By John Heinis/Hudson County View
Campos, 41, of Palisades Park, was sentenced today in Manhattan federal court to 30 months in prison for fraudulently obtaining millions of dollars in car loans, authorities said.
“Christopher Campos, an attorney and former Hoboken City Council president, defrauded lenders out of millions of dollars,” Kim said in a statement.
“He put up straw buyers to obtain loans for ‘personal use’ cars that in fact comprised a fleet of over 200 vehicles leased to livery drivers.
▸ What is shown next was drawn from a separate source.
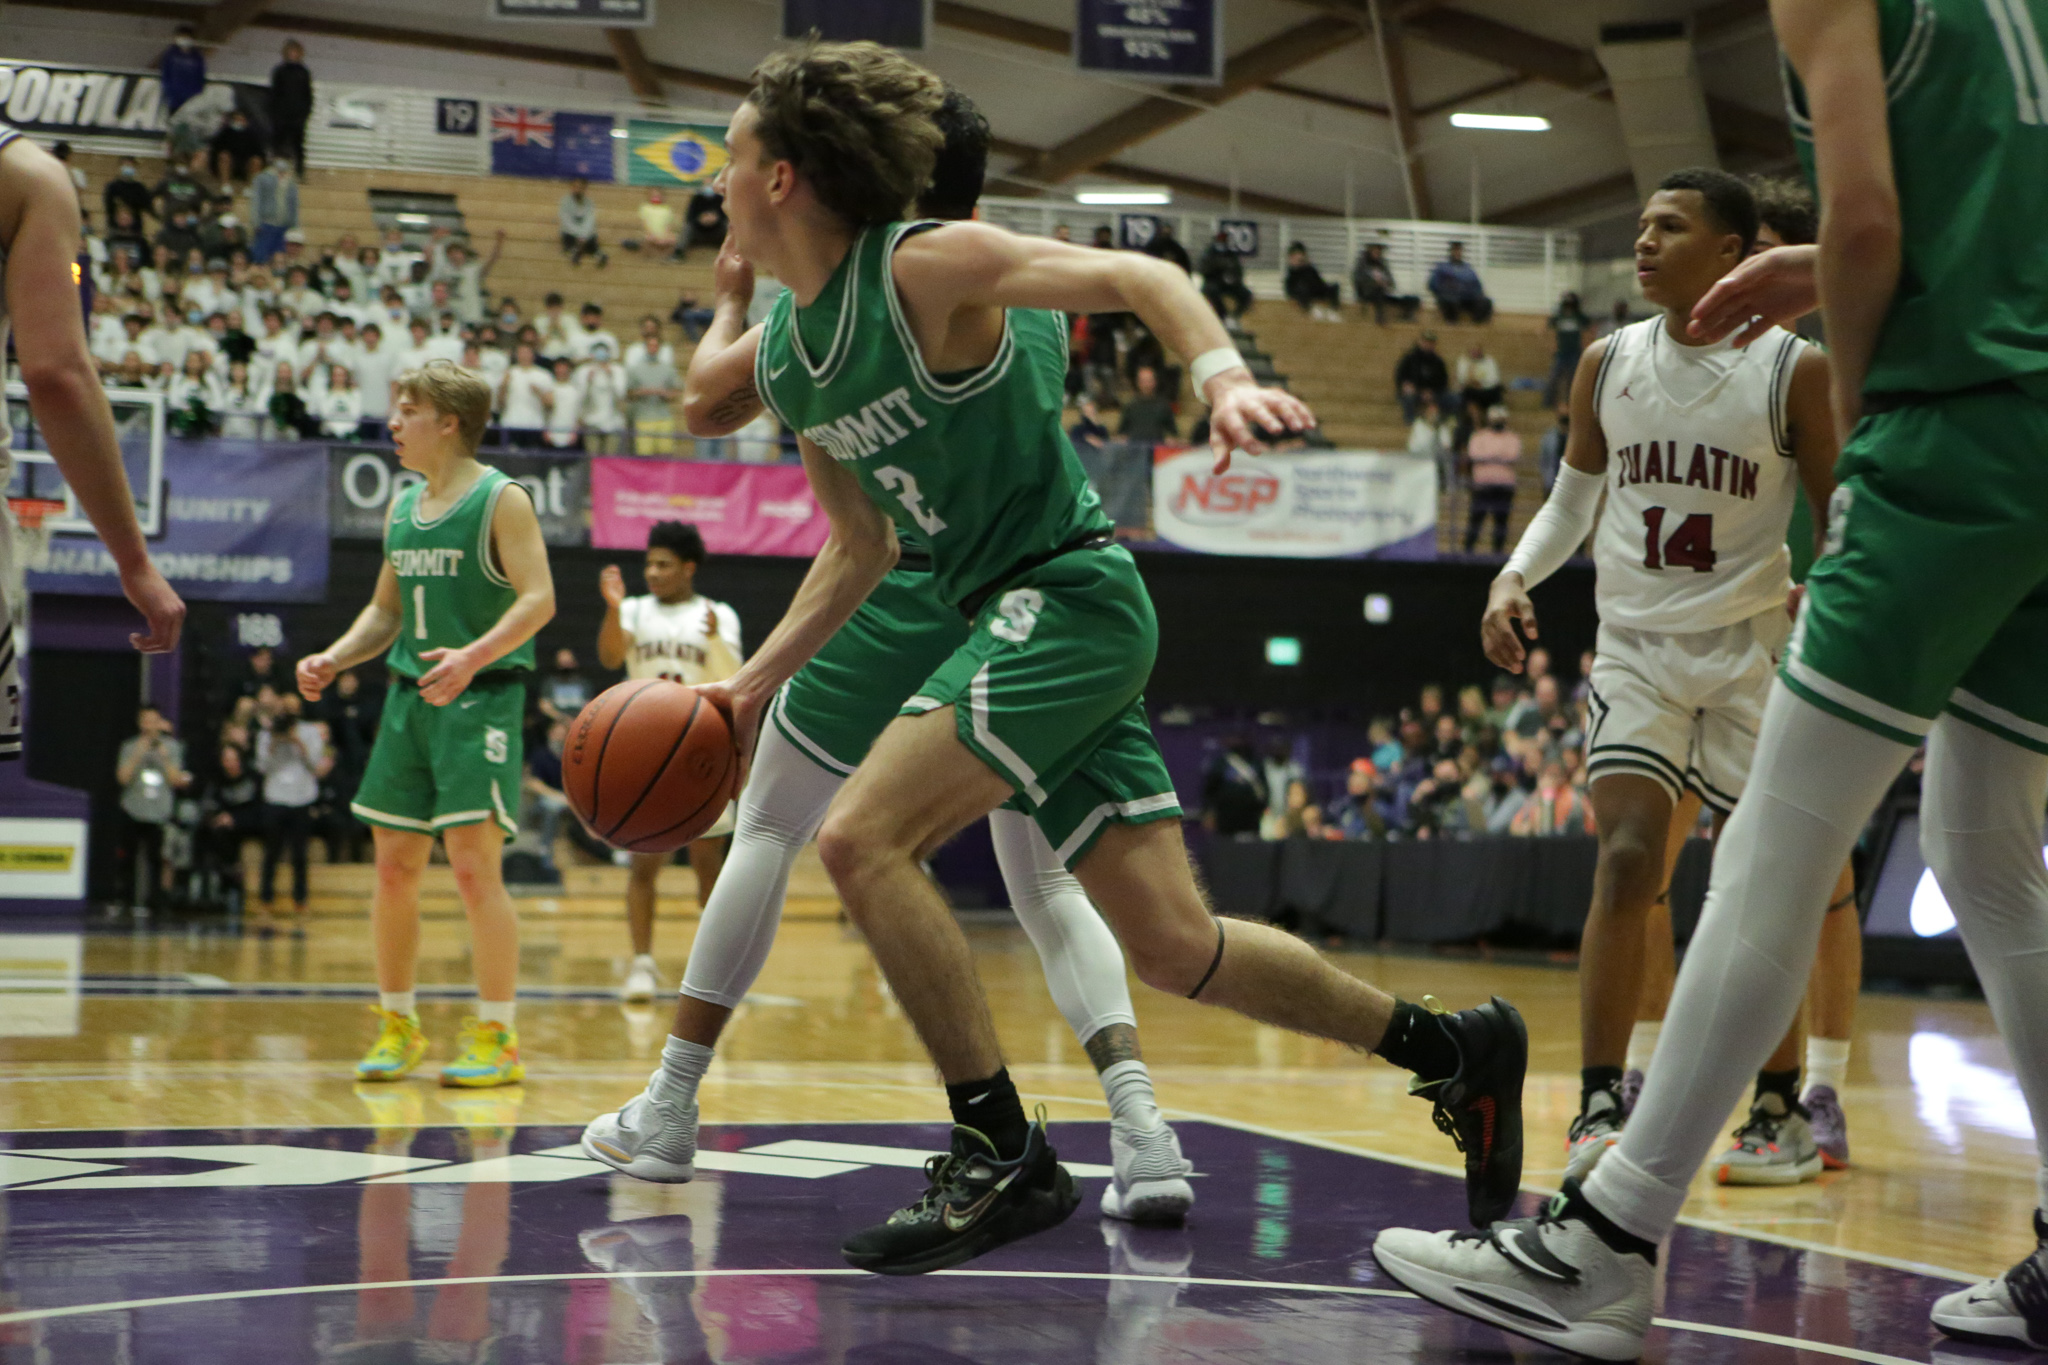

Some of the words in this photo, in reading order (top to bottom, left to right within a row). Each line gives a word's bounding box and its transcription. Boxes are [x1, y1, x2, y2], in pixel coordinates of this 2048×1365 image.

Campos has now received the significant sentence his crimes merit.”
According to court documents, Campos used approximately 20 straw buyers to purchase more than 200 new cars based on false representations that, among other things, the straw buyers would use the cars for their personal use.
However, in reality, Campos and his co-conspirators obtained the vehicles in order to lease them as livery cabs, officials said.
After a week-long trial, he was found guilty of bank and wire fraud, as well as conspiracy to commit bank and wire fraud, back on June 22. U.S. District Judge Valerie E. Caproni presided over that trial and imposed today’s sentence.
Between approximately October 2012 and September 2013, Campos and his co-conspirator Julio Alvarez, among others, orchestrated a scheme to fraudulently obtain new automobiles that they intended to lease to livery cab drivers.
In order to secure financing in connection with the purchase of these new cars, Campos and other co-conspirators enlisted and aided individuals with good credit histories (“straw buyers”) to submit fraudulent car loan applications to numerous lenders.
Furthermore, to obtain the new vehicles, CAMPOS and other co-conspirators sent straw buyers to several car dealerships located throughout the New York City area, where dealership employees helped straw buyers submit fraudulent loan applications.
The auto loan applications submitted by the straw buyers falsely represented that the vehicles would be used for the buyers’ personal use, rather than as part of the defendants’ leasing business.
In addition, in many cases, the car loan applications misrepresented personal information about the straw buyers, including their incomes and assets.
Campos, also caused financing applications to be sent to multiple financial institutions at the same time so that the lenders would not know that the straw buyers were incurring obligations to other lenders in connection with the purchase of multiple new automobiles.
In total, the scheme carried out by Campos, Alvarez, and others involved approximately 20 straw buyers, the purchase of approximately 200 new vehicles, and ultimately resulted in lenders disbursing over $7,000,000 in fraudulently obtained car loans – which ultimately went into default.